Top left, In lesion K, the area of retina irradiated with 1800mW/cm² with dye, outer segments (OS) appear normal, while the RPE (RPE) shows some vacuolation and loss of basal infoldings. The choriocapillaris (CC) is closed by platelet thrombus. The matrix shows plasma infiltration (asterisk) and damaged cells with debris. A larger vessel at the bottom shows endothelial disruption (arrow). No evidence of collagen denaturation. (uranyl acetate and Sato’s lead stain, original magnification ×2200). Bruch’s membrane (B). Top right, In lesion K, deeper choroidal vessels (V) show damage to the endothelium (arrow) and vacuolation to matrix cells (arrow), but no denatured collagen is seen (uranyl acetate and Sato’s lead stain, original magnification ×2950). Lower left, Higher magnification of lesion K shows closure of two choriocapillaries (CC) by platelets and fibrin with endothelial damage (arrow). The matrix shows normal collagen. (uranyl acetate and Sato’s lead stain, original magnification ×6610). Lower right, Retinal vessels are affected at 1800 mW/cm² irradiance. This capillary (V) in lesion K shows damaged endothelium (arrow) and some of the surrounding nerve fibers are also affected (arrowheads) (uranyl acetate and Sato’s lead stain, original magnification ×5200).

FIGURE 10

Absorption and fluorescence spectra for benzoporphyrin derivative (BPD).

FIGURE 11

Benzoporphyrin derivative (BPD) angiography of experimental choroidal neovascularization (CNV). Fundus photography and angiography of experimental CNV in the nonhuman primate. Color image (top left) and red-free (top middle) photographs show pigment change in several areas corresponding to the laser injury sites and subsequent CNV. In the subfoveal region there is pigmented subfoveal tissue with elevation from subretinal fluid.
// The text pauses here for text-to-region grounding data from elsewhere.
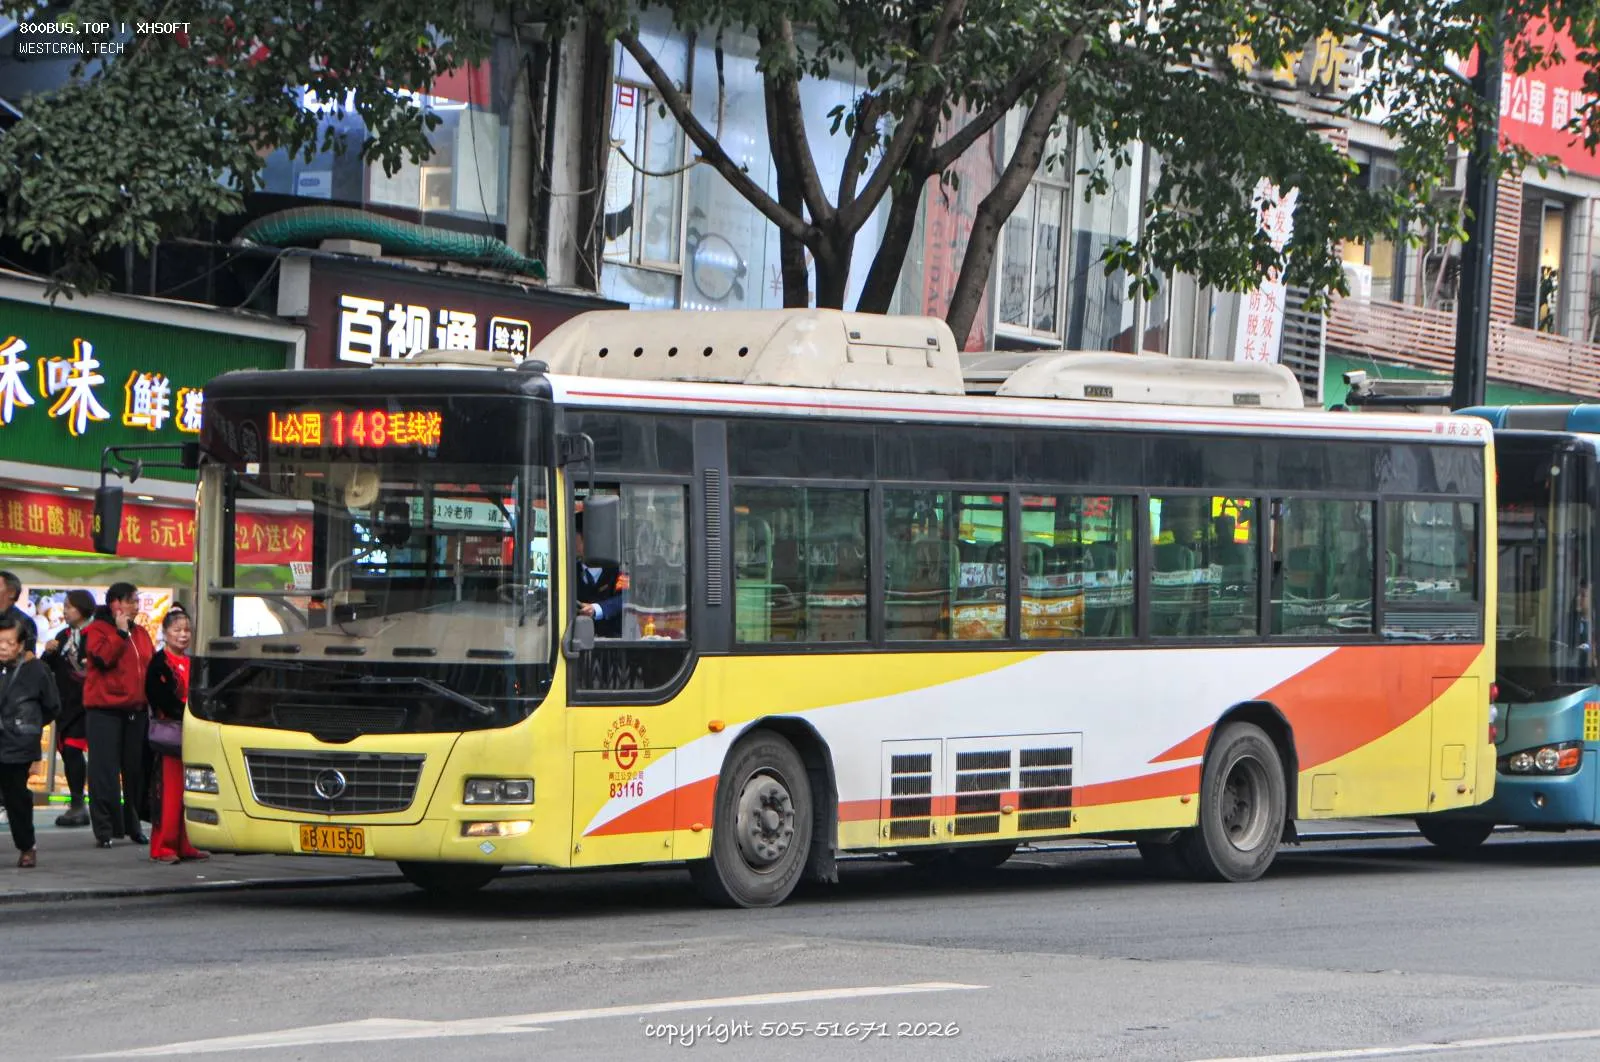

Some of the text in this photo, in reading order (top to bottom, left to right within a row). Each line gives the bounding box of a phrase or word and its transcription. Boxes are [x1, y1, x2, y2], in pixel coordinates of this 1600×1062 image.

[339, 294, 477, 365] 百视通
[494, 326, 525, 352] 验光
[332, 410, 387, 446] 148
[1435, 422, 1482, 437] 重庆公交
[609, 781, 644, 799] 83116
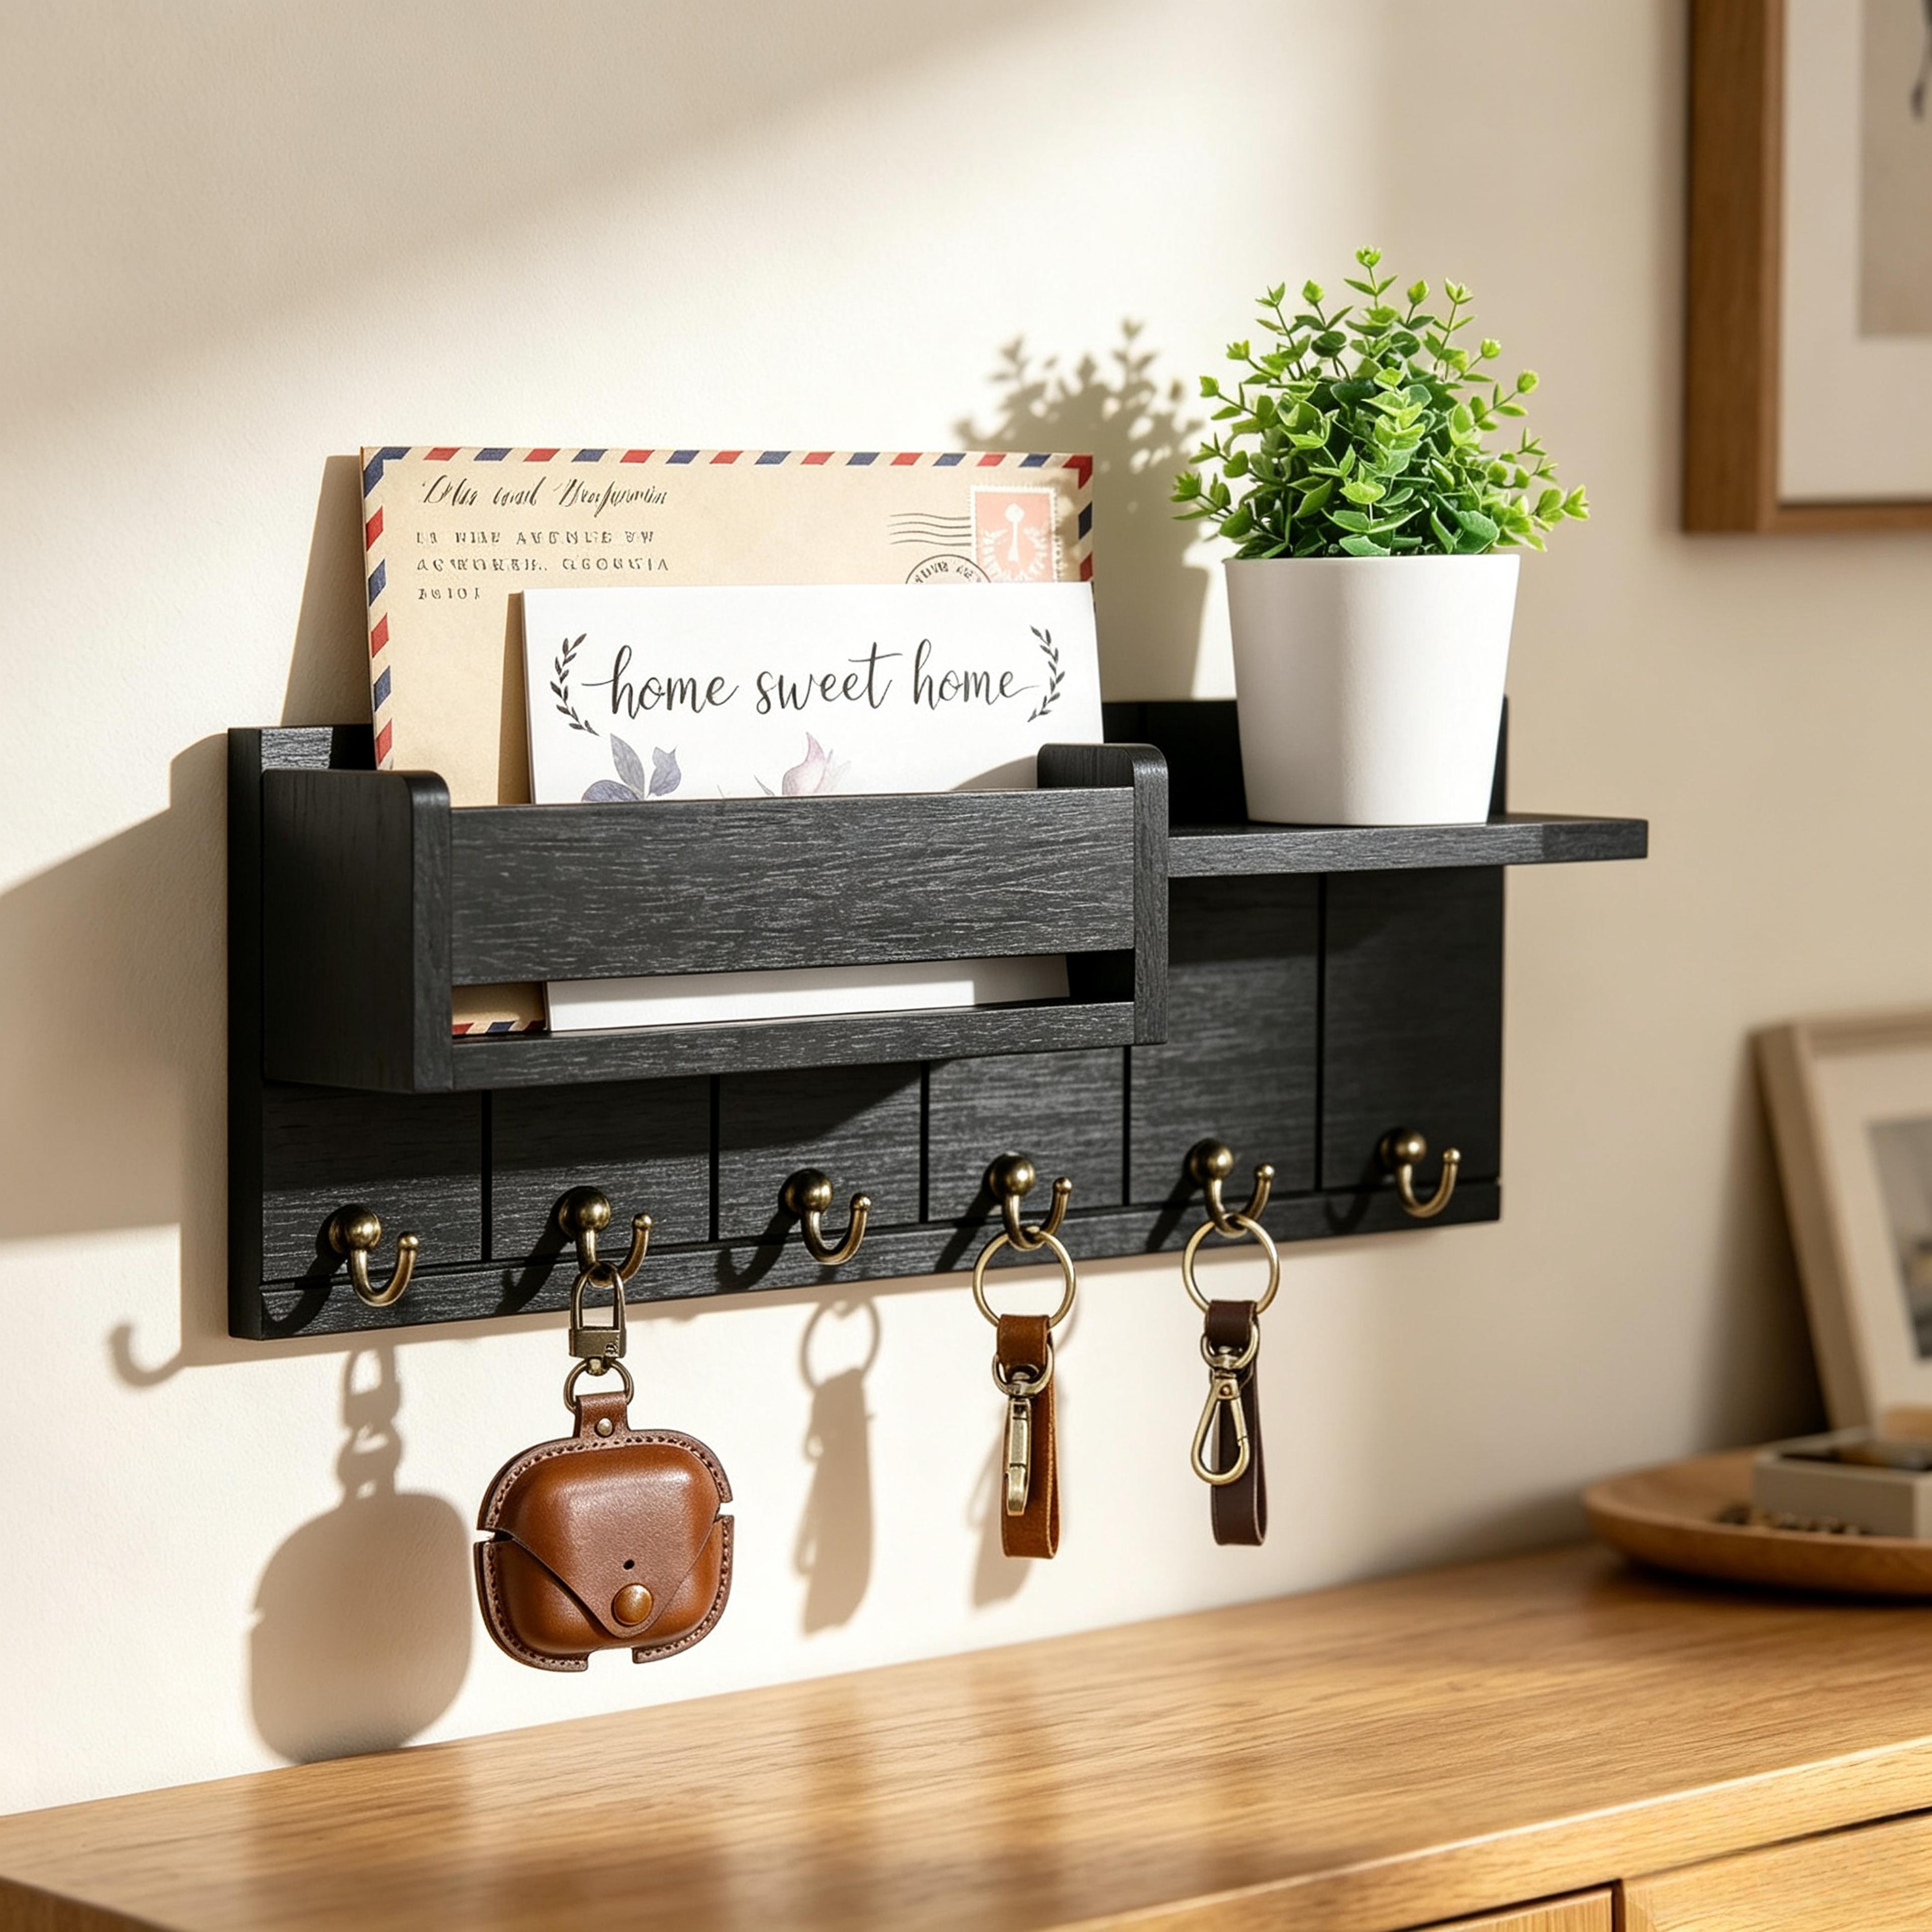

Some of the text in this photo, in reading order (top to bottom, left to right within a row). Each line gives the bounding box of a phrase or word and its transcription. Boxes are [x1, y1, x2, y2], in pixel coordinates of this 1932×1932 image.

Fluorescein angiography shows early hyperfluorescence (top right) at 29 seconds with late leakage (middle left) at 32 minutes from subfoveal CNV. Leakage from other areas of CNV are also apparent. Indocyanine green (ICG) angiography shows large choroidal vessels and retinal vessels; in the subfoveal area there is a web of early hyperfluorescence (middle center) at 24.8 seconds suggesting CNV, but without hot spots or plaques noted in the late frames (middle right) at 37 minutes. BPD angiography shows small choroidal vessels, retinal vessels, and early hyperfluorescence in the area of subfoveal CNV as early as 12 seconds (lower left) with clearer delineation of subfoveal CNV as a hyperfluorescent net (lower middle) at 18 seconds with persistent hyperfluorescence in CNV in later frames (lower right) at 48 minutes without leakage. Surrounding the CNV is a circular area of hypofluorescence corresponding to the area of subretinal fluid. BPD is no longer visible in most of the choroidal vessels or in the retinal vessels. (Reprinted with permission from Husain D et al.94)

FIGURE 12

Benzoporphyrin derivative (BPD) angiography in patients with subfoveal choroidal neovascularization (CNV). Color (top left) and red-free (top right) photographs demonstrate subretinal tissue, hemorrhage, and fluid. Fluorescein angiography shows early hyperfluorescence (middle left) and late leakage (middle right) consistent with classic CNV. BPD angiography shows hyperfluorescence corresponding to the subretinal tissue at 5 minutes (lower left) with some fluorescence noted in retinal vessels overlying the disc; the hyperfluorescence of the subretinal tissue persists at 37 minutes (lower right).